ASSIGNMENT »
Pictures aside, return every line below exactly as written.

SUPPLIED MATERIAL »
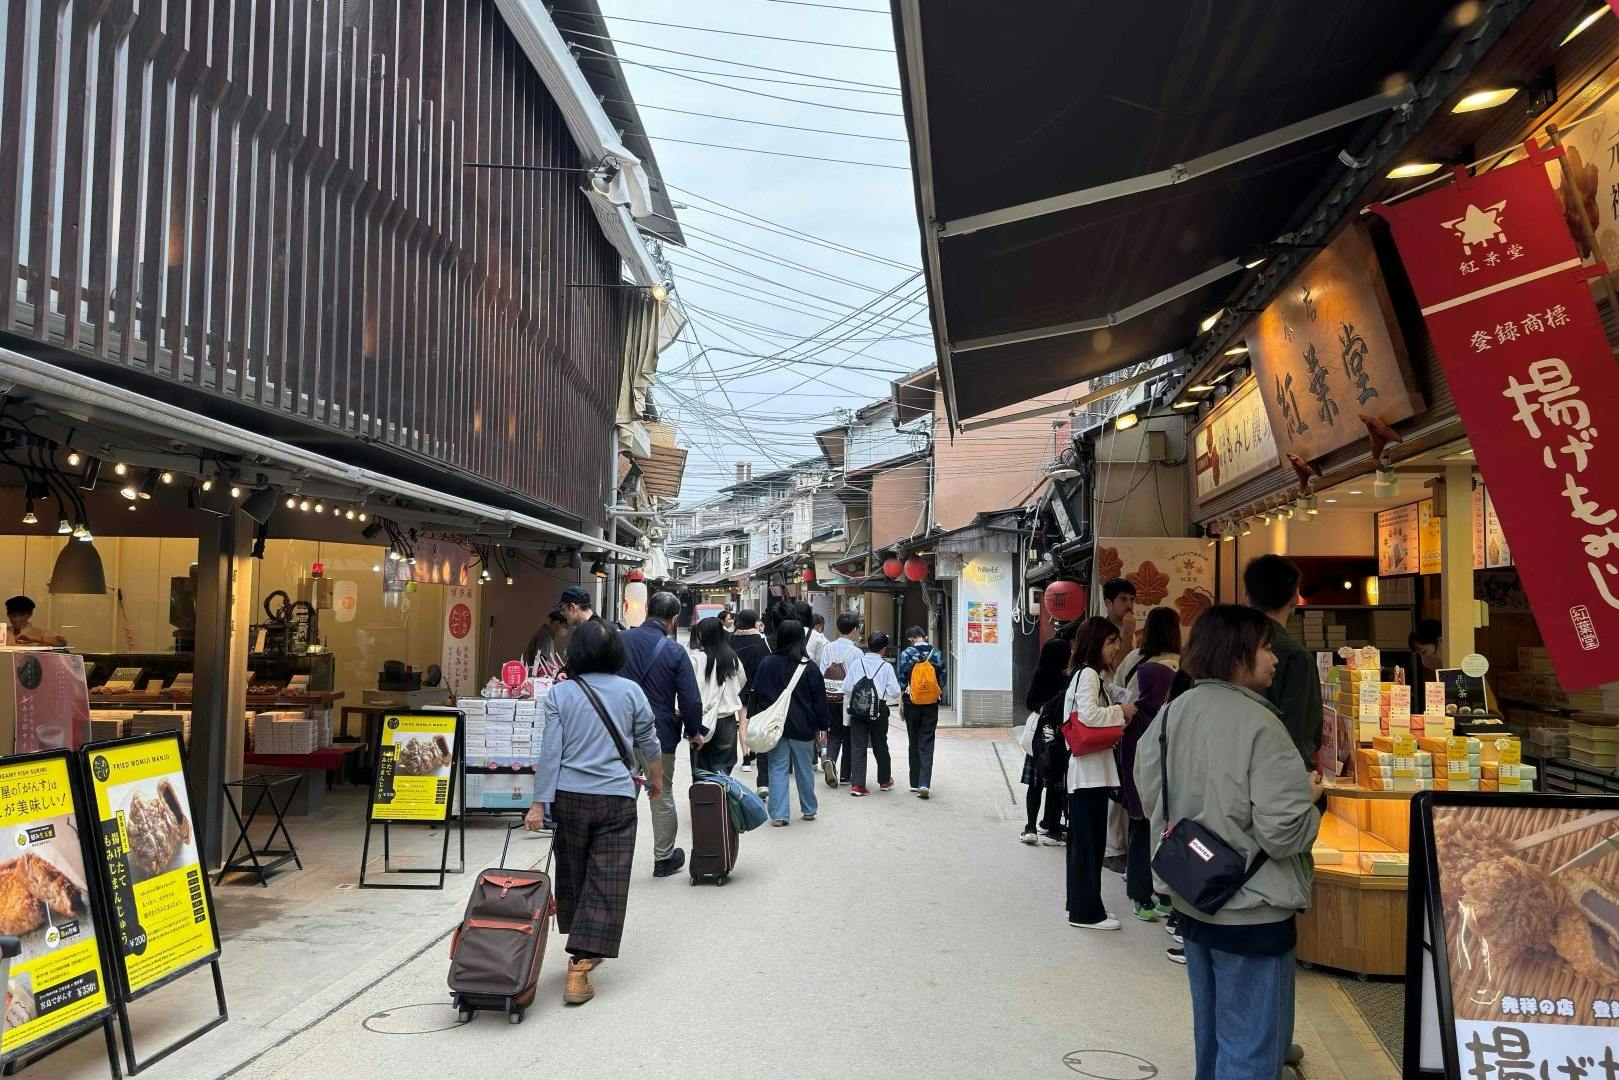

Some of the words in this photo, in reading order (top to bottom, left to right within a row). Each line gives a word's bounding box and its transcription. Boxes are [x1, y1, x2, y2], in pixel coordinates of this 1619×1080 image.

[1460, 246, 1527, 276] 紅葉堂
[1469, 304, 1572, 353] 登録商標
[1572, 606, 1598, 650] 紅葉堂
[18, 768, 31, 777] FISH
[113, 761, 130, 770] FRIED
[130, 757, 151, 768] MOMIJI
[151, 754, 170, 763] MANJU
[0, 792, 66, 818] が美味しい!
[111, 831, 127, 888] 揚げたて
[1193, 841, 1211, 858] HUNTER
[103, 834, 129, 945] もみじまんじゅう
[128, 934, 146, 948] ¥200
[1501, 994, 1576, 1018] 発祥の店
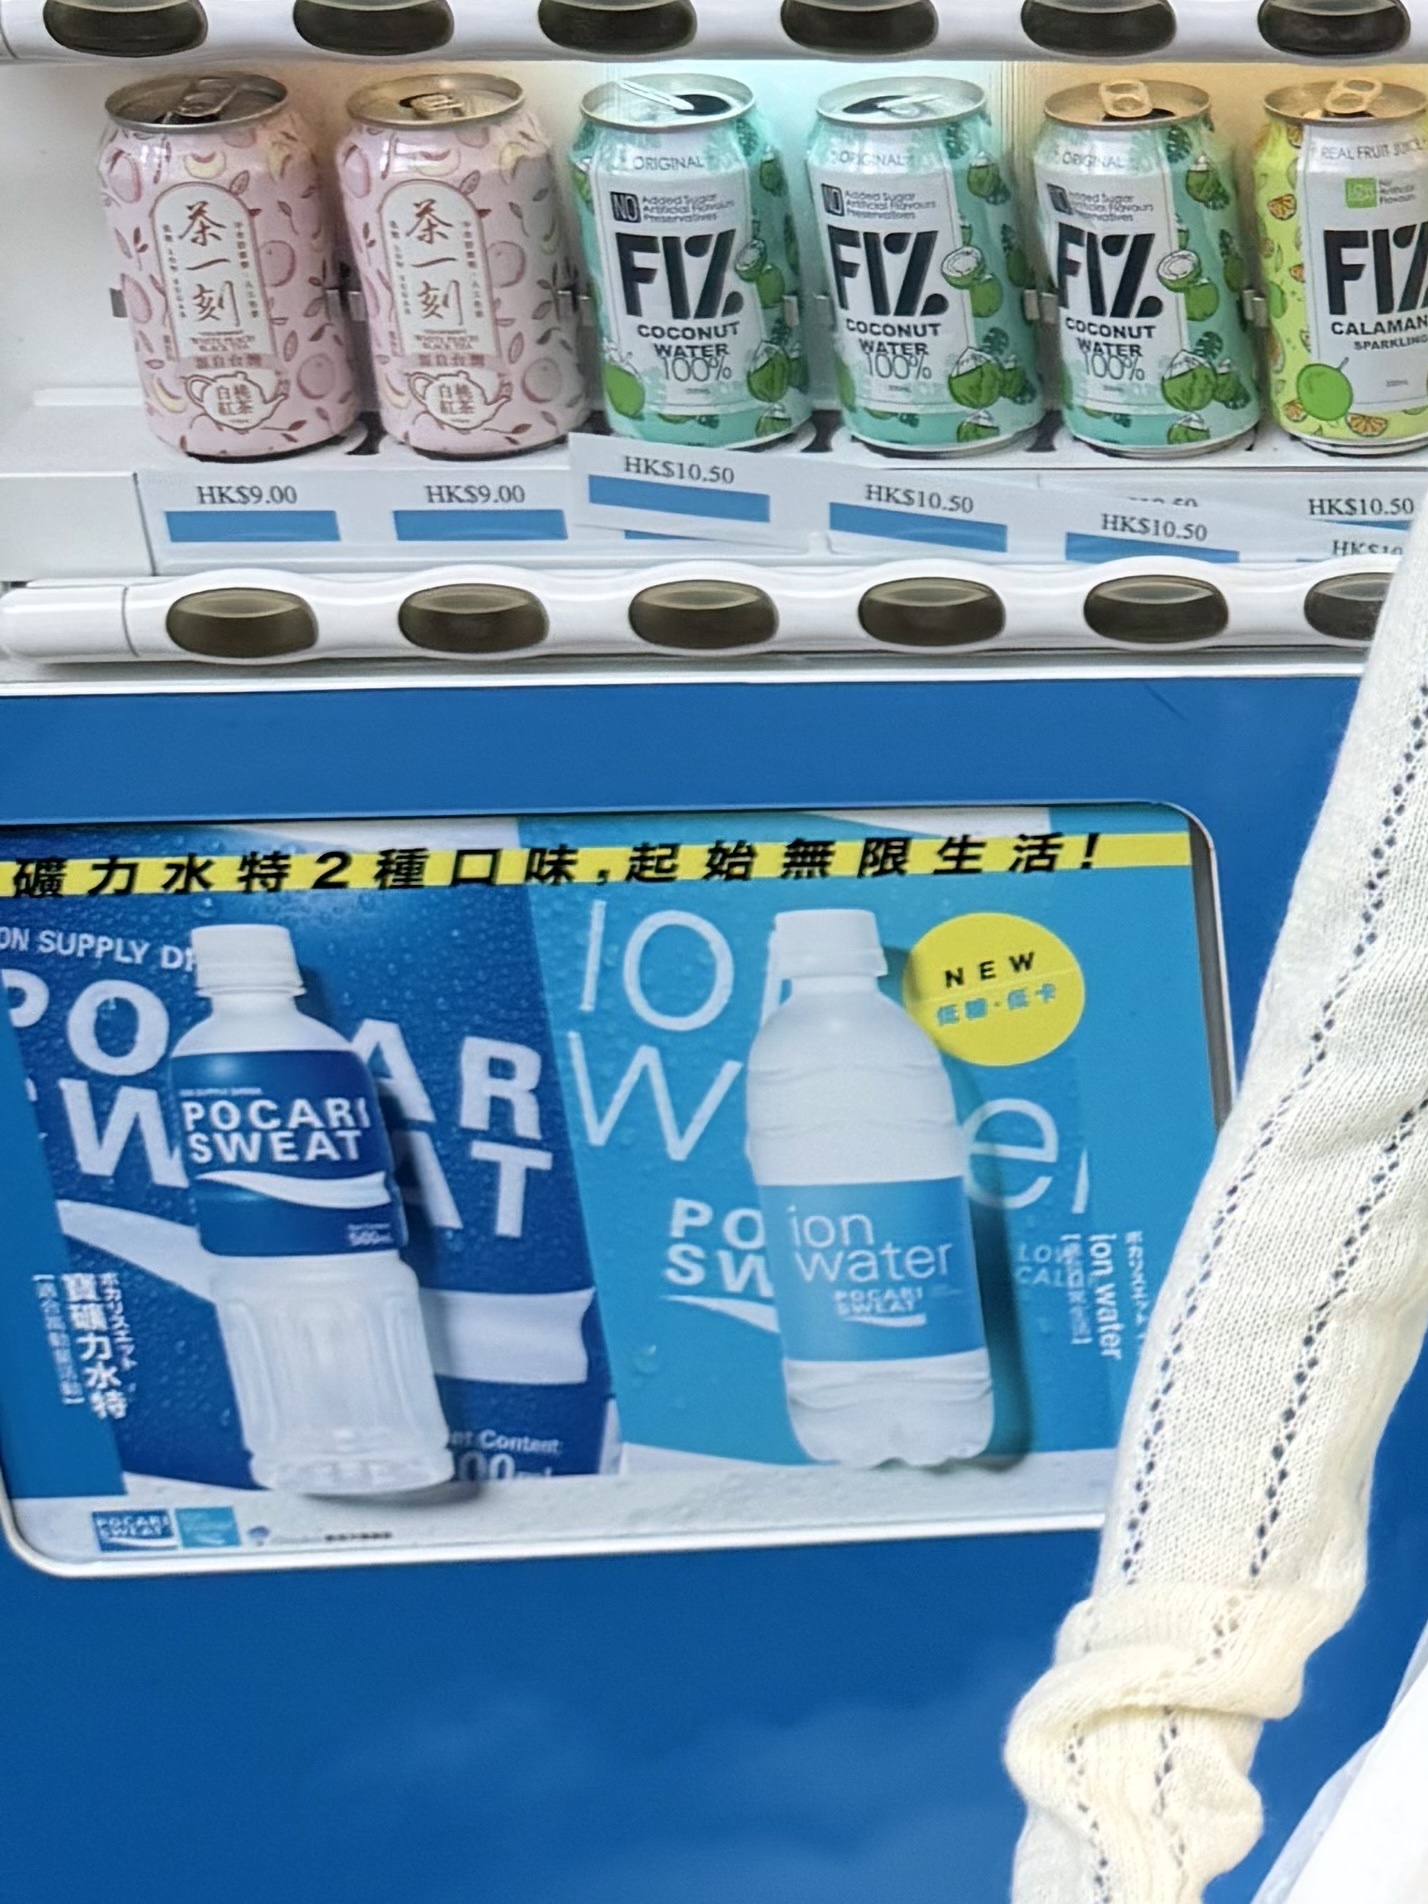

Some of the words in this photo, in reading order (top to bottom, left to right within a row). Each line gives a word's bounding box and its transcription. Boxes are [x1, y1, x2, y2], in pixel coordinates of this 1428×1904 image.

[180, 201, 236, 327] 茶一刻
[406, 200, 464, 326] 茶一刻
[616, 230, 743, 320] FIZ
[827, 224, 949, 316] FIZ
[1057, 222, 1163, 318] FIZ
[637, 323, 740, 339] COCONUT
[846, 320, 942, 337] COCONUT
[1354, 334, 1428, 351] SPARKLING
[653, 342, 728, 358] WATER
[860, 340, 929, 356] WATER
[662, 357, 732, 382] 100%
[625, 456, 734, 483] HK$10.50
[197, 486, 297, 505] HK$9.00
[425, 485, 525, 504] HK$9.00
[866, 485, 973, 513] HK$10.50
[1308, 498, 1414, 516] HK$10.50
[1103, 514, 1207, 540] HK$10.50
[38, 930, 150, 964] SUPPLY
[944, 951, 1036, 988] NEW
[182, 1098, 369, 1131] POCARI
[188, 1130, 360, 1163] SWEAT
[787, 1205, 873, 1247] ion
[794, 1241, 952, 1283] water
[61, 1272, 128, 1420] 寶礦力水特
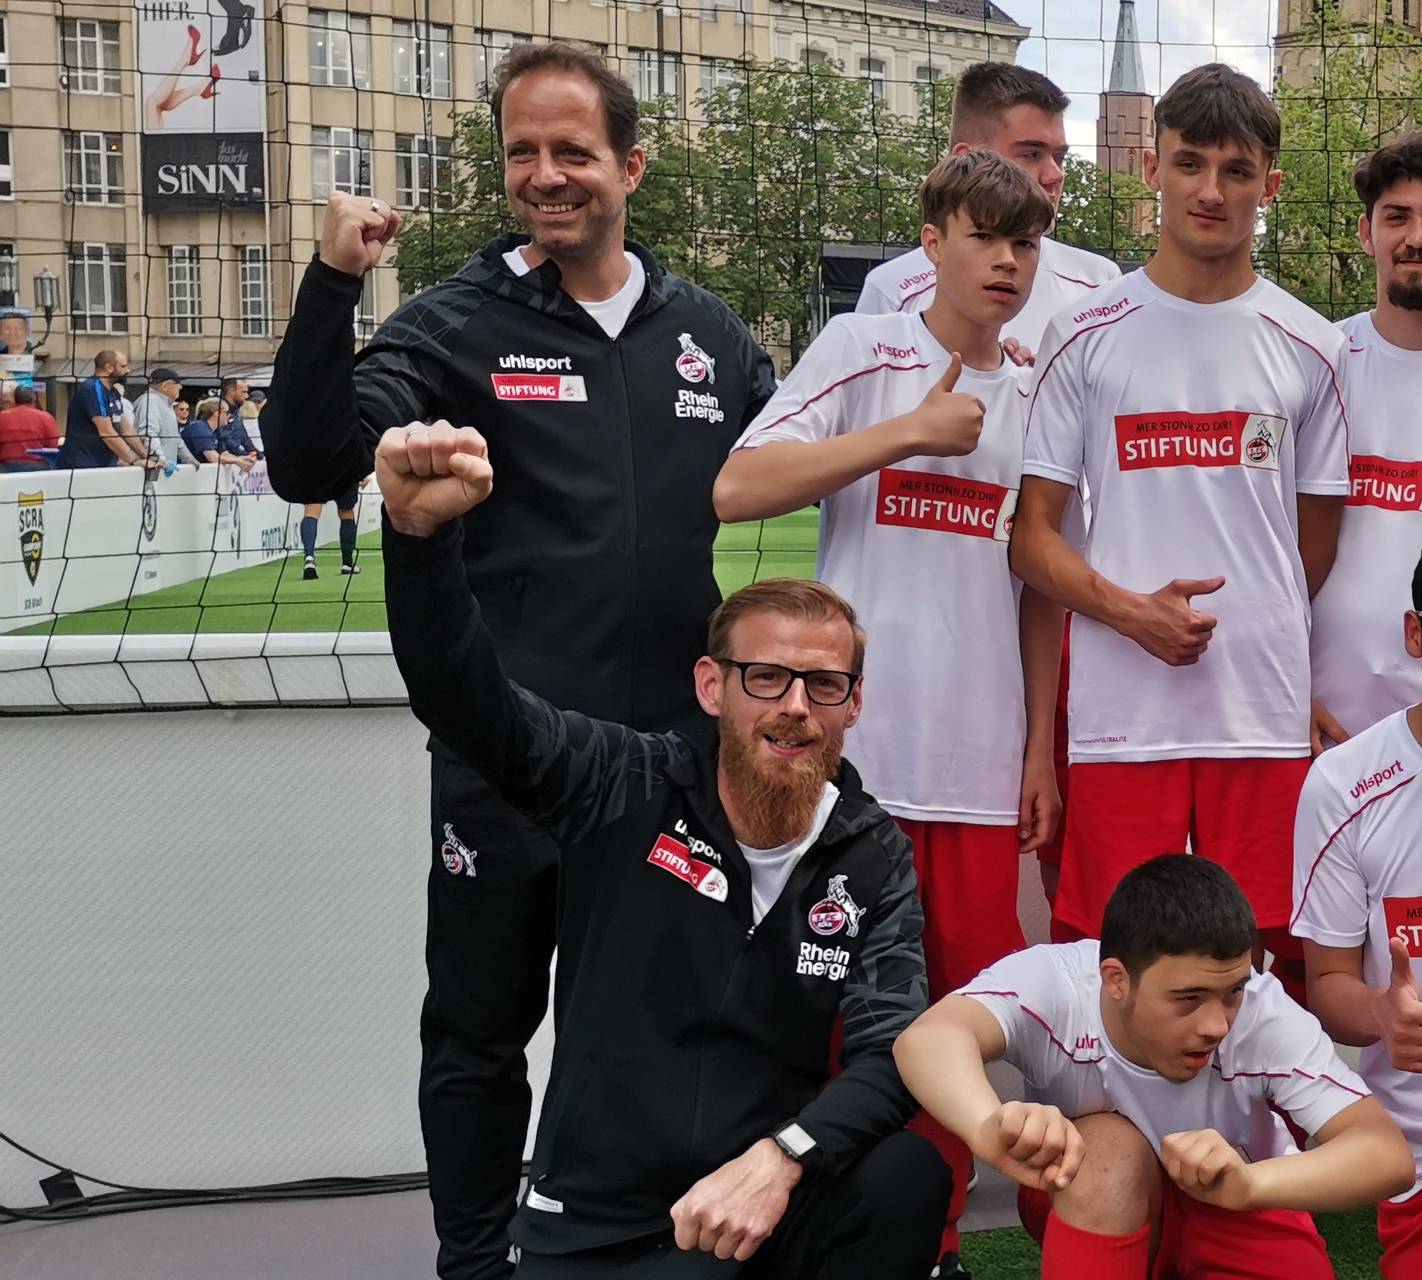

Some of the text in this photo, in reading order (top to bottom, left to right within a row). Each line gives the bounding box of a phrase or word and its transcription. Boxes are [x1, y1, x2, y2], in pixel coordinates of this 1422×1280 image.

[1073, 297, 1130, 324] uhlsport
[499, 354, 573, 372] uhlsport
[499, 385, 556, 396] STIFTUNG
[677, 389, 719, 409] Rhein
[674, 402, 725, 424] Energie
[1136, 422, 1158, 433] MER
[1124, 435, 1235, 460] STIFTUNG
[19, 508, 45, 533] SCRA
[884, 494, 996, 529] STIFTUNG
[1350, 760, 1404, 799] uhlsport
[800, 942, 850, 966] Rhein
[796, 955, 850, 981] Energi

ANSWER TO THE PROBLEM »
Some of the words in this photo, in reading order (top to bottom, left to right within a row). Each line gives a word's bounding box and its transcription. Boxes are [x1, y1, x2, y2], in pixel coordinates of this 1619×1080 image.

[1460, 246, 1527, 276] 紅葉堂
[1469, 304, 1572, 353] 登録商標
[1572, 606, 1598, 650] 紅葉堂
[18, 768, 31, 777] FISH
[113, 761, 130, 770] FRIED
[130, 757, 151, 768] MOMIJI
[151, 754, 170, 763] MANJU
[0, 792, 66, 818] が美味しい!
[111, 831, 127, 888] 揚げたて
[1193, 841, 1211, 858] HUNTER
[103, 834, 129, 945] もみじまんじゅう
[128, 934, 146, 948] ¥200
[1501, 994, 1576, 1018] 発祥の店

Some of the words in this photo, in reading order (top to bottom, left to right within a row). Each line gives a word's bounding box and its transcription. Boxes are [x1, y1, x2, y2], in pixel coordinates of this 1428×1904 image.

[180, 201, 236, 327] 茶一刻
[406, 200, 464, 326] 茶一刻
[616, 230, 743, 320] FIZ
[827, 224, 949, 316] FIZ
[1057, 222, 1163, 318] FIZ
[637, 323, 740, 339] COCONUT
[846, 320, 942, 337] COCONUT
[1354, 334, 1428, 351] SPARKLING
[653, 342, 728, 358] WATER
[860, 340, 929, 356] WATER
[662, 357, 732, 382] 100%
[625, 456, 734, 483] HK$10.50
[197, 486, 297, 505] HK$9.00
[425, 485, 525, 504] HK$9.00
[866, 485, 973, 513] HK$10.50
[1308, 498, 1414, 516] HK$10.50
[1103, 514, 1207, 540] HK$10.50
[38, 930, 150, 964] SUPPLY
[944, 951, 1036, 988] NEW
[182, 1098, 369, 1131] POCARI
[188, 1130, 360, 1163] SWEAT
[787, 1205, 873, 1247] ion
[794, 1241, 952, 1283] water
[61, 1272, 128, 1420] 寶礦力水特

Some of the text in this photo, in reading order (top to bottom, left to right within a row). Each line gives the bounding box of a phrase or word and its transcription. Boxes are [x1, y1, x2, y2], in pixel coordinates of this 1422×1280 image.

[1073, 297, 1130, 324] uhlsport
[499, 354, 573, 372] uhlsport
[499, 385, 556, 396] STIFTUNG
[677, 389, 719, 409] Rhein
[674, 402, 725, 424] Energie
[1136, 422, 1158, 433] MER
[1124, 435, 1235, 460] STIFTUNG
[19, 508, 45, 533] SCRA
[884, 494, 996, 529] STIFTUNG
[1350, 760, 1404, 799] uhlsport
[800, 942, 850, 966] Rhein
[796, 955, 850, 981] Energi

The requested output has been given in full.